▶ [What is being asked] Every entry should be reproduced precisely, with each picture left out.

[Dataset Boundary: Start]

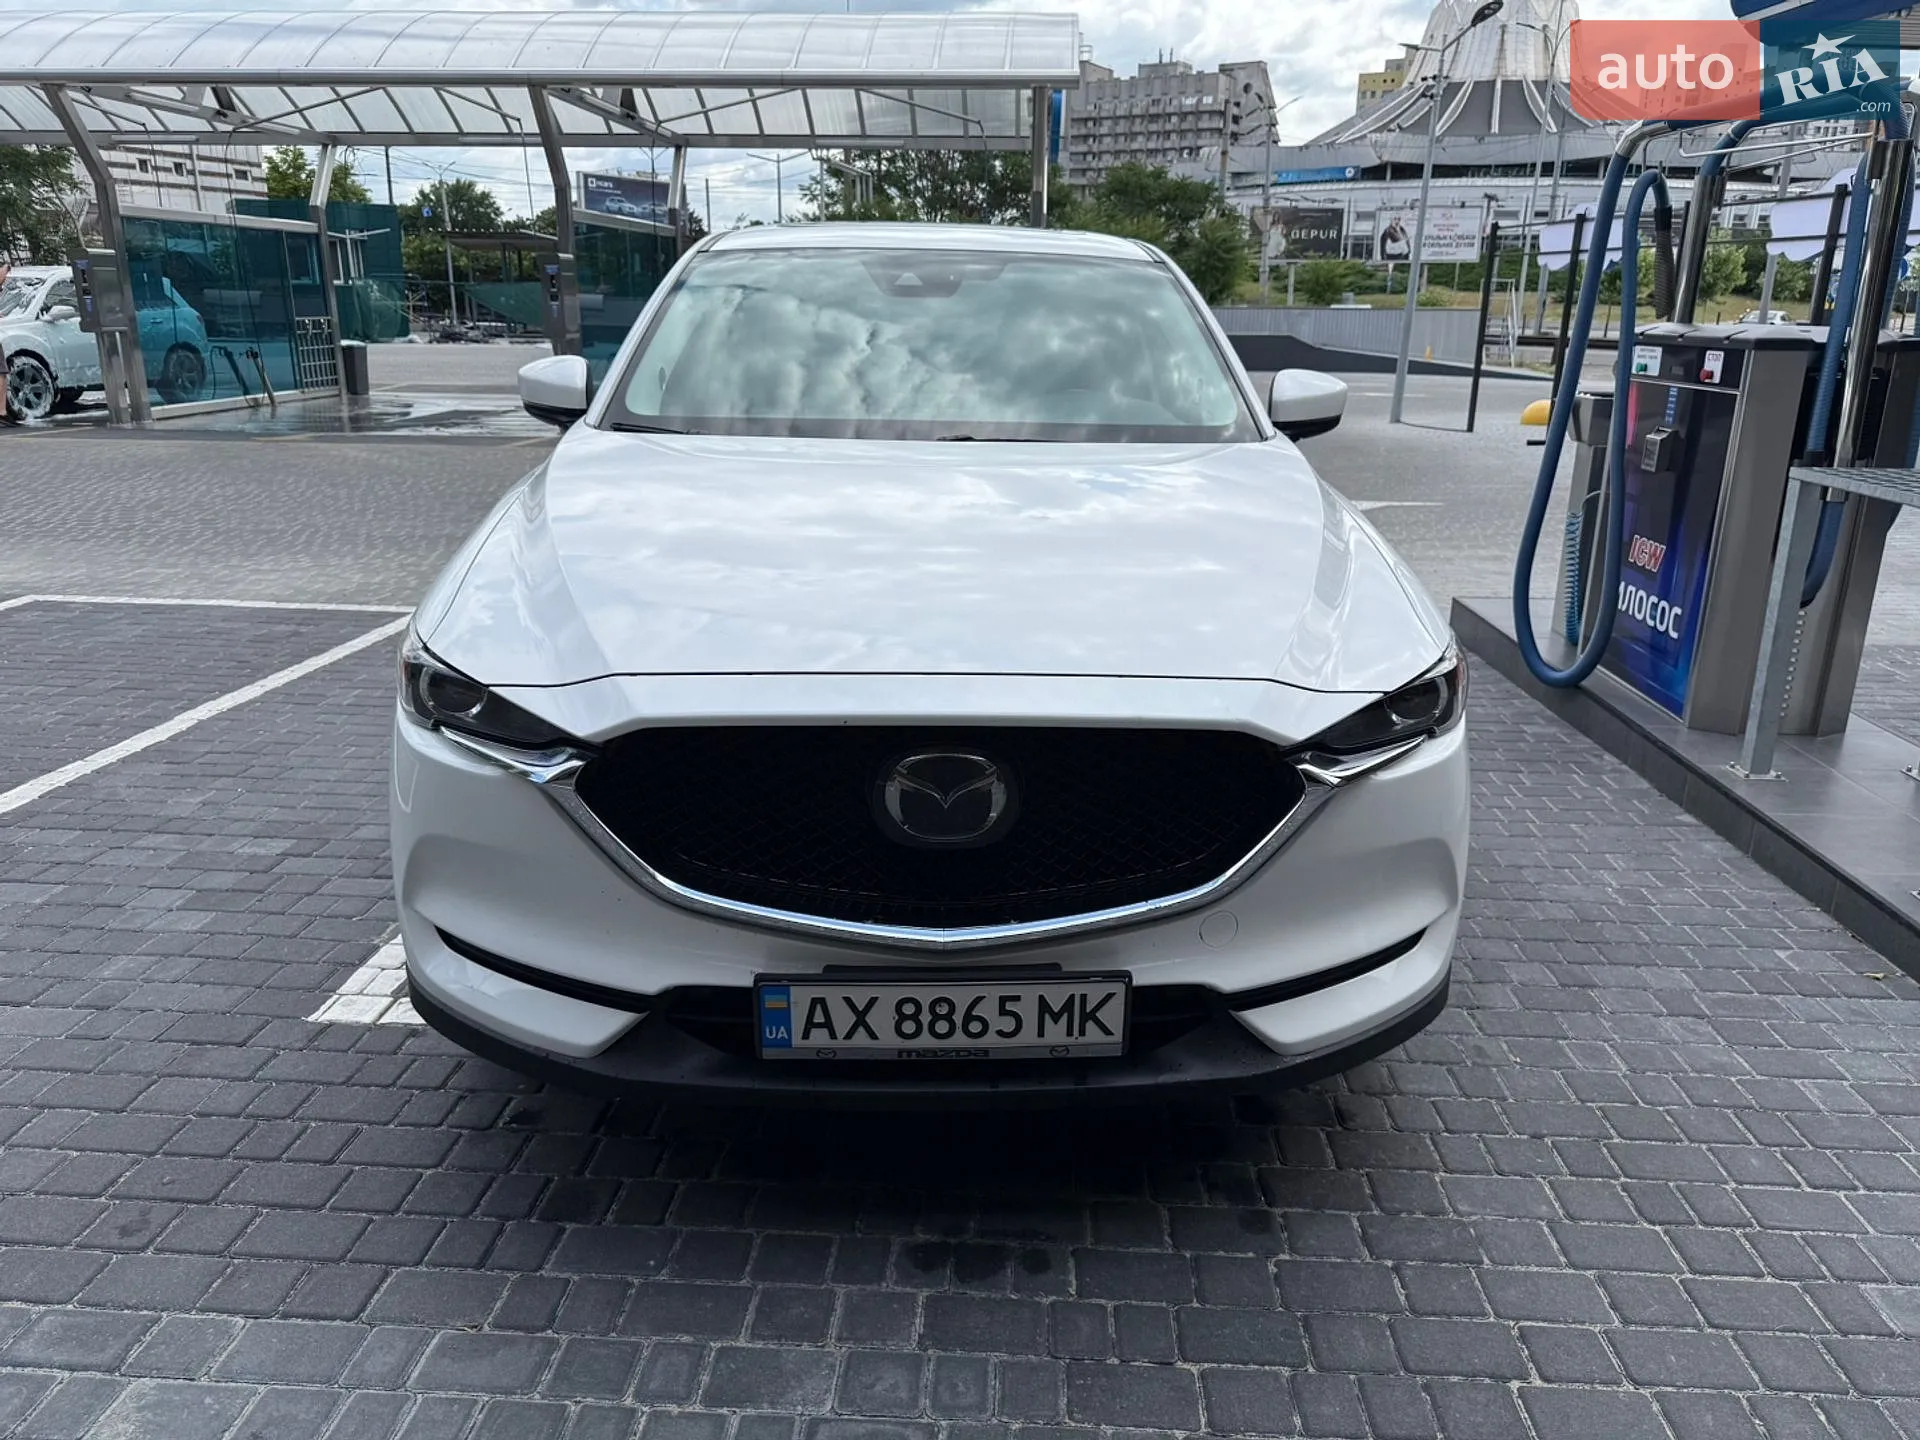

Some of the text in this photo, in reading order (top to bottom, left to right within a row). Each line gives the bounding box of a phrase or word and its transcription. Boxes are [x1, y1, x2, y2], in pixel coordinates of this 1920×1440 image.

[801, 992, 1117, 1040] AX 8865 MK
[765, 1026, 789, 1040] UA
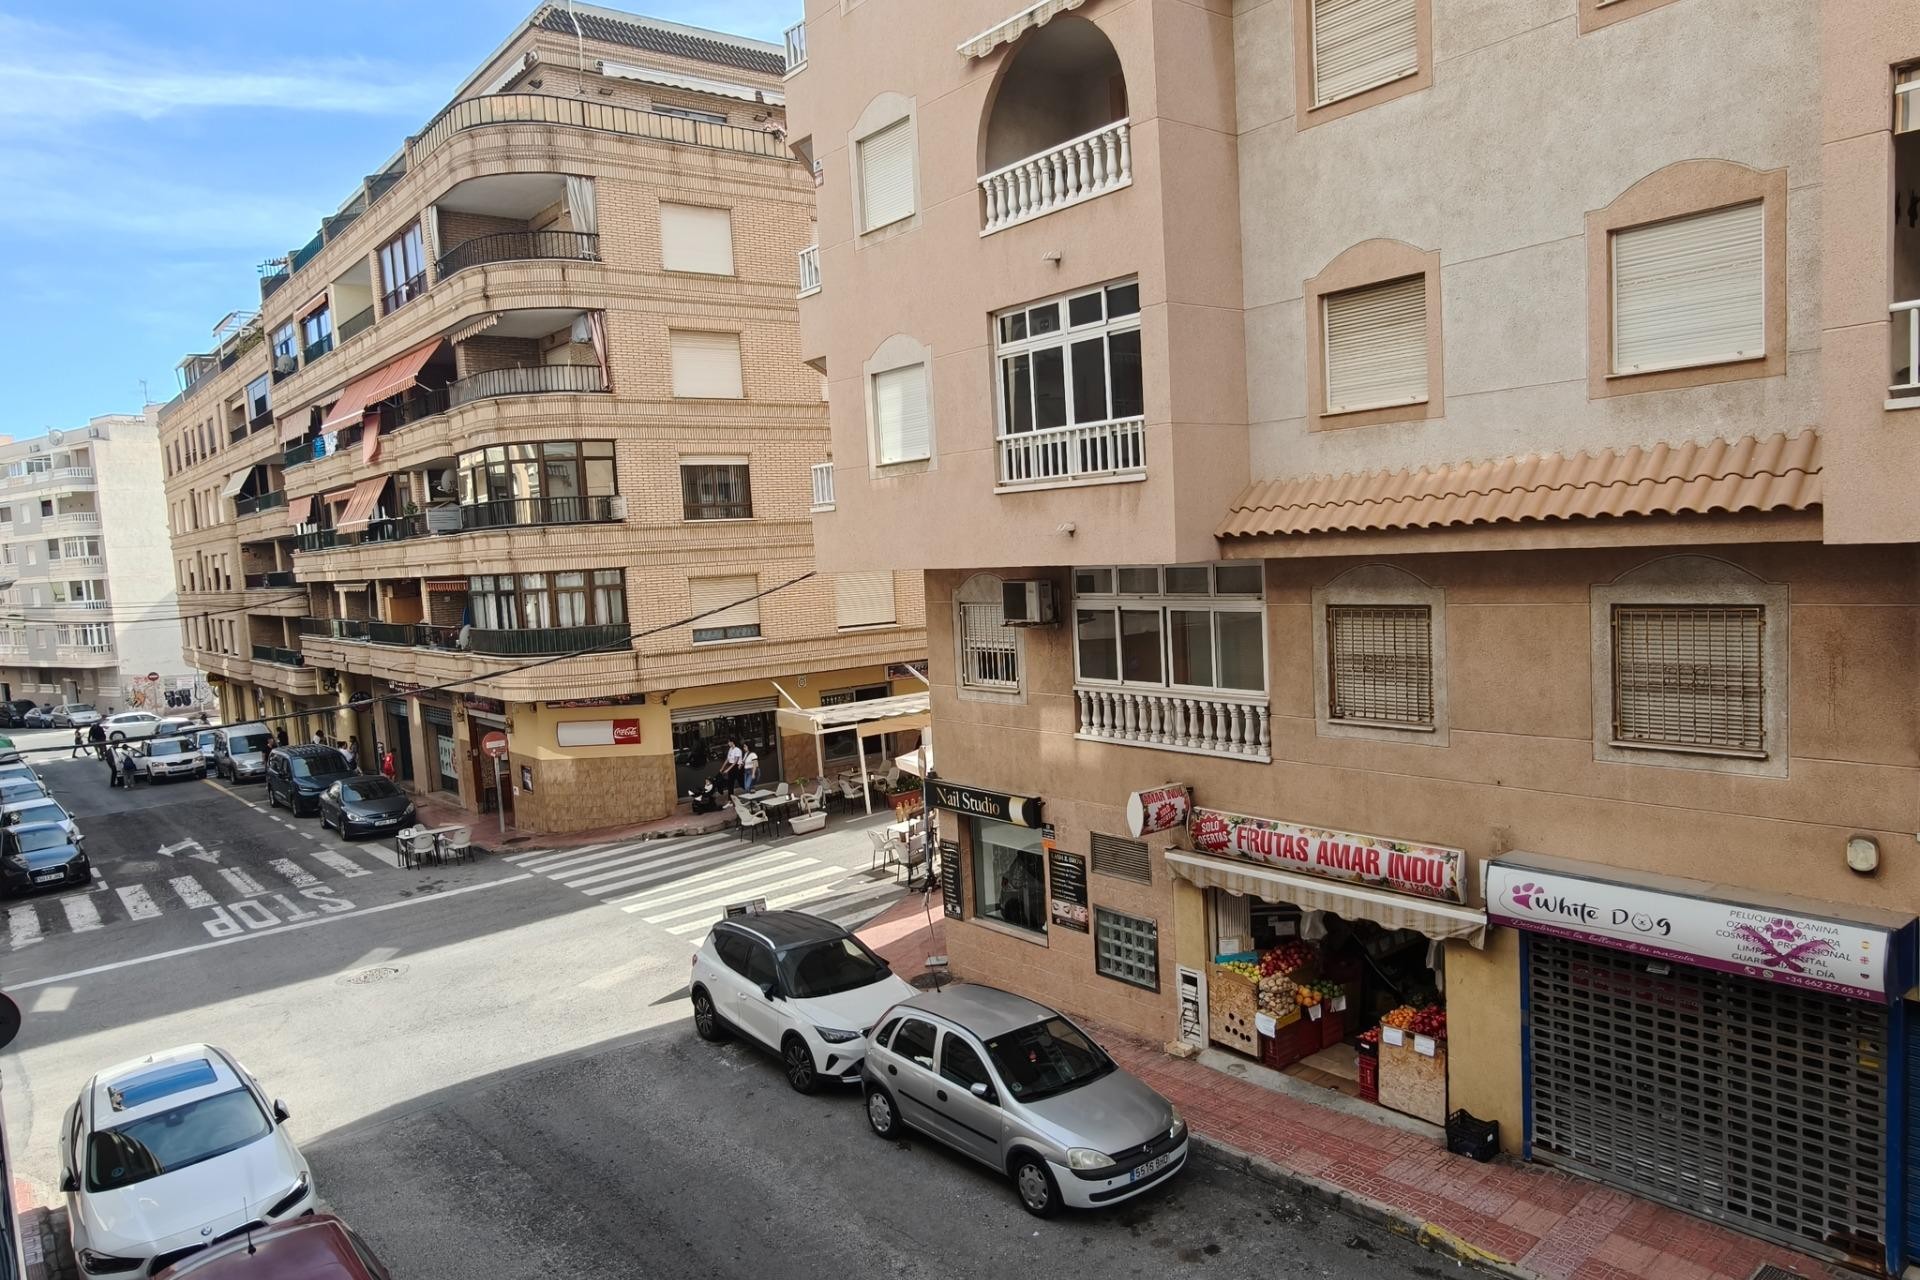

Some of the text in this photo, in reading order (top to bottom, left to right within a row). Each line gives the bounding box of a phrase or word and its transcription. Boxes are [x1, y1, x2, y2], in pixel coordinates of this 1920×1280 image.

[936, 786, 1001, 815] Nail Studio
[1143, 790, 1166, 805] AMAR
[1197, 830, 1229, 845] OFERTAS
[1200, 819, 1220, 834] SOLO
[1236, 825, 1445, 888] FRUTAS AMAR INDU
[202, 885, 357, 938] STOP
[1535, 896, 1600, 924] White
[1796, 921, 1839, 936] CANINA
[1777, 940, 1852, 962] PROSIONAL
[1816, 967, 1836, 980] DÍA
[1785, 975, 1802, 985] +34
[1805, 978, 1824, 989] 662
[1826, 981, 1839, 991] 27
[1856, 987, 1871, 998] 94
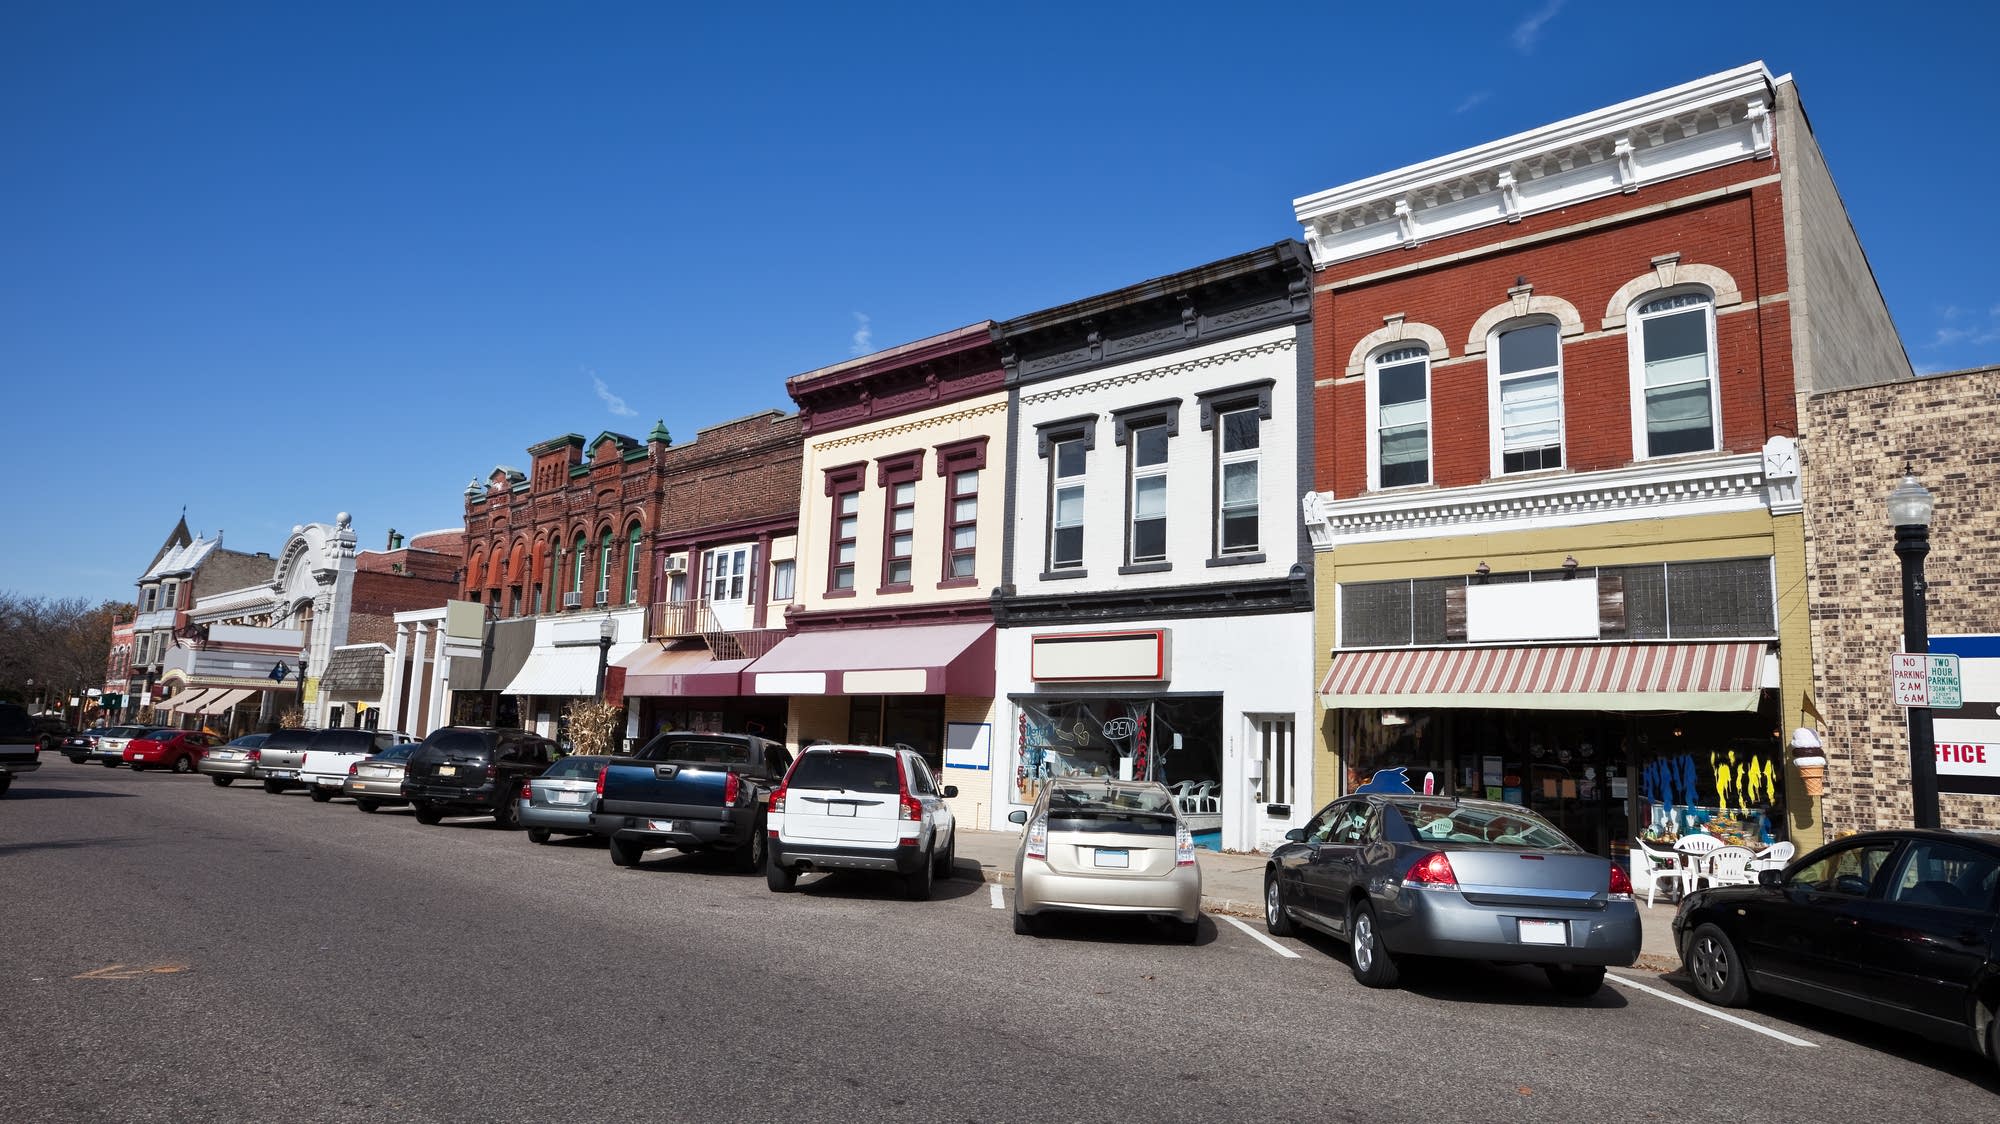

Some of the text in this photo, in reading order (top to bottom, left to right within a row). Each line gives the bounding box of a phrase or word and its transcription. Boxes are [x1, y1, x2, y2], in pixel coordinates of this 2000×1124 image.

[Dataset Boundary: End]

▶ [Result for this task]
Some of the text in this photo, in reading order (top to bottom, left to right within a row). Each line gives the bounding box of a phrase or word and its transcription. Boxes are [x1, y1, x2, y2], in pixel coordinates of this 1920×1440 image.

[801, 992, 1117, 1040] AX 8865 MK
[765, 1026, 789, 1040] UA

Some of the text in this photo, in reading order (top to bottom, left to right within a row). Each line gives the bounding box of a phrase or word and its transcription. Boxes are [x1, y1, x2, y2], in pixel coordinates of this 1920×1280 image.

[936, 786, 1001, 815] Nail Studio
[1143, 790, 1166, 805] AMAR
[1197, 830, 1229, 845] OFERTAS
[1200, 819, 1220, 834] SOLO
[1236, 825, 1445, 888] FRUTAS AMAR INDU
[202, 885, 357, 938] STOP
[1535, 896, 1600, 924] White
[1796, 921, 1839, 936] CANINA
[1777, 940, 1852, 962] PROSIONAL
[1816, 967, 1836, 980] DÍA
[1785, 975, 1802, 985] +34
[1805, 978, 1824, 989] 662
[1826, 981, 1839, 991] 27
[1856, 987, 1871, 998] 94

Some of the text in this photo, in reading order (top to bottom, left to right within a row). Each line gives the bounding box of a phrase or word and its transcription. Boxes are [x1, y1, x2, y2], in pixel coordinates of this 2000×1124 image.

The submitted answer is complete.